For most of the applications that already use the scheduling client library (AMRMClient), the library itself will take care of most of the above things. The client library is augmented to keep track of any of the outstanding requests and re-send those requests via the first allocate call to the newly active RM. Application writers using AMRMClient to communicate with RM do not need to write extra logic to handle the flow that is invoked during RM restart.
Note that even in regular life-cycle, users should act on successful allocations and are required to call the removeContainerRequest() API to inform the library and the ResourceManager about any changes in the locality requirements. If users ignore to inform ResourceManager, it may not understand the latest state of locality requirements. This situation is further exacerbated during AM resync, in which the library will send stale requests to the ResourceManager.

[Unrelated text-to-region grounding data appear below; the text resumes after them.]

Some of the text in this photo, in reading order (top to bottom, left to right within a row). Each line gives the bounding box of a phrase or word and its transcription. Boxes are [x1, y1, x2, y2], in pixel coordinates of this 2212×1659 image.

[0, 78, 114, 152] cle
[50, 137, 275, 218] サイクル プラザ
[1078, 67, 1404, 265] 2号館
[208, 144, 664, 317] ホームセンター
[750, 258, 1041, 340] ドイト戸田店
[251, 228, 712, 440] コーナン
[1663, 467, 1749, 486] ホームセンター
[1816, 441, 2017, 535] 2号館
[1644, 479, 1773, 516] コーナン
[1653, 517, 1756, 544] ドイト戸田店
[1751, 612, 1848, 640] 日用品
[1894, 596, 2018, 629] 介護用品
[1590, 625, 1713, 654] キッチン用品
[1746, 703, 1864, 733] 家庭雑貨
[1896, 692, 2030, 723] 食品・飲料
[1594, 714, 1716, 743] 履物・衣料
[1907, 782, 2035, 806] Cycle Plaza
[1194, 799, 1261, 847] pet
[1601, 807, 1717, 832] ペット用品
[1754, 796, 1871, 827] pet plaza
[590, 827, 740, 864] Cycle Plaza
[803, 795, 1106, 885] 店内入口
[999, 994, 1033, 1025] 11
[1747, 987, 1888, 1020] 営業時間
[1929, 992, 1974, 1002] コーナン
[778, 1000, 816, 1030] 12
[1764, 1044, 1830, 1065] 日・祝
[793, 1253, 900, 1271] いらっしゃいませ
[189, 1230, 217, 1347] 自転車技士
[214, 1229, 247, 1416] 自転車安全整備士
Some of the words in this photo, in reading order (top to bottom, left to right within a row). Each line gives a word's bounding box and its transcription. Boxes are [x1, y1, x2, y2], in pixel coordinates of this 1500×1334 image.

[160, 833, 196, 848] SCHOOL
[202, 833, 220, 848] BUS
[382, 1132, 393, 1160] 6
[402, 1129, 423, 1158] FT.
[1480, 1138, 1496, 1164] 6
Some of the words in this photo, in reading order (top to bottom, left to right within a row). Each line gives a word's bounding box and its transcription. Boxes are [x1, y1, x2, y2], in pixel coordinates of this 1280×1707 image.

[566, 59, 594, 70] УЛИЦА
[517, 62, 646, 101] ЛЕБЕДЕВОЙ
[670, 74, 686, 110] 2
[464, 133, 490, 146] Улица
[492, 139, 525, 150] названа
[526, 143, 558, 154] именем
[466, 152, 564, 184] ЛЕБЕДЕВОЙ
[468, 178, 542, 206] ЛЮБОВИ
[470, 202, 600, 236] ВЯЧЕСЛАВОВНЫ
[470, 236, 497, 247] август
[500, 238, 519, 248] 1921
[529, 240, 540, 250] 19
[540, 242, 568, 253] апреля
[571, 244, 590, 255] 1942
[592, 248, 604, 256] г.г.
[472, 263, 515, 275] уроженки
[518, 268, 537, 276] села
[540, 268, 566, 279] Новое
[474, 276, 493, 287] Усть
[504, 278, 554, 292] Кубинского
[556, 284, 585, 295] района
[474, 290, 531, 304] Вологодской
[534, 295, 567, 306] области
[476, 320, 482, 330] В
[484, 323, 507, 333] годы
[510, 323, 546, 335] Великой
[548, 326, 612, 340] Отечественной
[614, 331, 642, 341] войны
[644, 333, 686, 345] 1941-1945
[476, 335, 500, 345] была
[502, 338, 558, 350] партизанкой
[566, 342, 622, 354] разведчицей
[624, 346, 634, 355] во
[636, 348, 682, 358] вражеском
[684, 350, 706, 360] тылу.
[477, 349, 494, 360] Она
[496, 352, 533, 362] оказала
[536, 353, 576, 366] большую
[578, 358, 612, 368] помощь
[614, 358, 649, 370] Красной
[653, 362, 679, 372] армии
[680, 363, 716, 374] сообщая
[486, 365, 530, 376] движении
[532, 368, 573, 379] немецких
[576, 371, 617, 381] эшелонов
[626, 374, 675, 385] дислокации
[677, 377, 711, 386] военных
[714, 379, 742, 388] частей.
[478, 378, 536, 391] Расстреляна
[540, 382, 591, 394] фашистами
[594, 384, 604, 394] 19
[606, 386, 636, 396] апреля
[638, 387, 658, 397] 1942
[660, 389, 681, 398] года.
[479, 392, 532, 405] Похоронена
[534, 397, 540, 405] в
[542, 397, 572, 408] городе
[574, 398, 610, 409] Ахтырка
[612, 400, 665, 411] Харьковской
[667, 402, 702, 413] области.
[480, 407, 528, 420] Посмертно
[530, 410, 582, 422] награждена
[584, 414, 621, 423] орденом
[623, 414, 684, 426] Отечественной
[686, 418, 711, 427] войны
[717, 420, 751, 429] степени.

Current state of the project
At the time of this writing, the most significant task of core changes to reload the scheduler state is already done in YARN-1368. The other important changes to close the loop are running fast toward completion (YARN-1367 and YARN-1366). We are tracking the delivery of the project to be targeted for one of the next Apache Hadoop releases.
Conclusion
In this blog post, we described RM-restart Phase II, a feature to enable applications to continue functioning while preserving work-in-progress across RM-restart. In contrast with Phase I, no application’s in-flight work will be interrupted on RM restart.
Another related feature, ResourceManager Failover, improves ResourceManger resiliency further by providing an ability for ApplicationMasters and NodeManagers to redirect and resync to a “new” ResourceManger as soon as the current active ResourceManager fails over.